(Required work):
The answer must be an exact copy of the entries below, with no images in it.

[Opening Data for the task section]

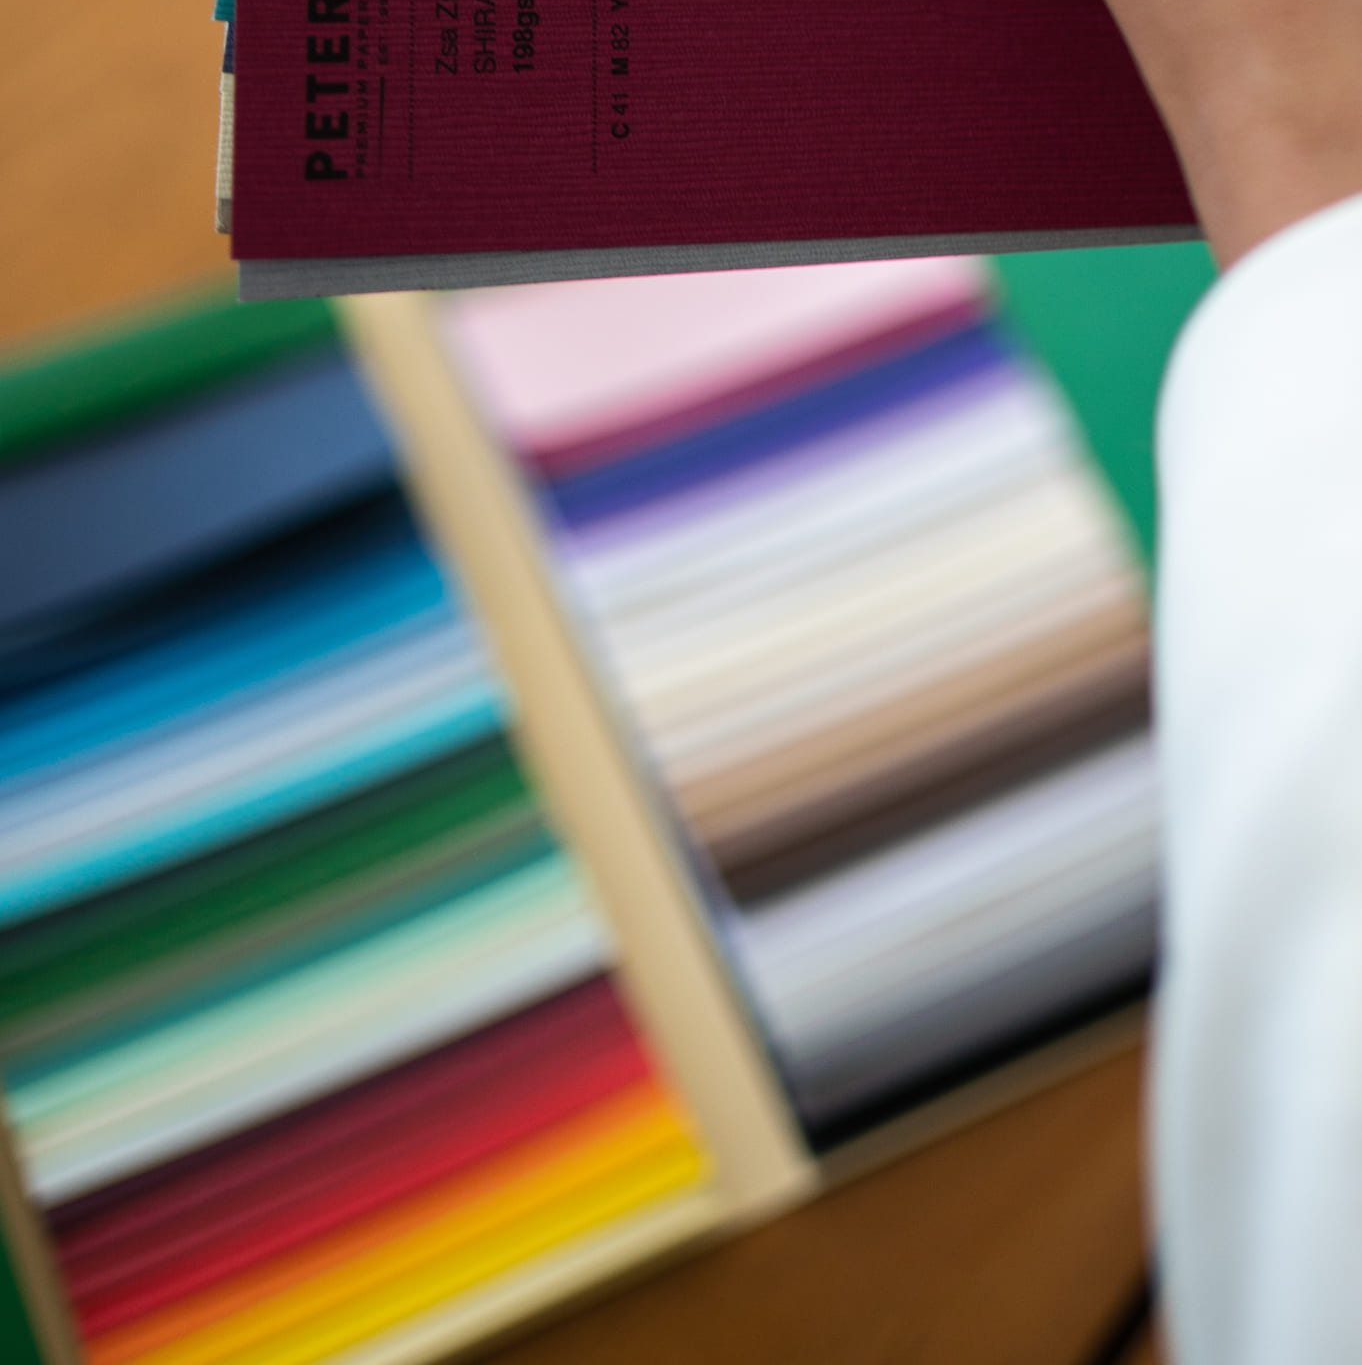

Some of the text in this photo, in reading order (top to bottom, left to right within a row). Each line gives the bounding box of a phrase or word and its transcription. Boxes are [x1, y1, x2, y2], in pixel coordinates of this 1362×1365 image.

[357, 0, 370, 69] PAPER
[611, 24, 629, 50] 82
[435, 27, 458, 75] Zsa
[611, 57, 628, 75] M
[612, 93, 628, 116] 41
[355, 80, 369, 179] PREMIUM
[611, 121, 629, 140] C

[Closing Data for the task section]

(Response below):
Some of the text in this photo, in reading order (top to bottom, left to right within a row). Each line gives the bounding box of a phrase or word and its transcription. Boxes are [x1, y1, x2, y2], in pixel coordinates of this 1362×1365 image.

[357, 0, 370, 69] PAPER
[611, 24, 629, 50] 82
[435, 27, 458, 75] Zsa
[611, 57, 628, 75] M
[612, 93, 628, 116] 41
[355, 80, 369, 179] PREMIUM
[611, 121, 629, 140] C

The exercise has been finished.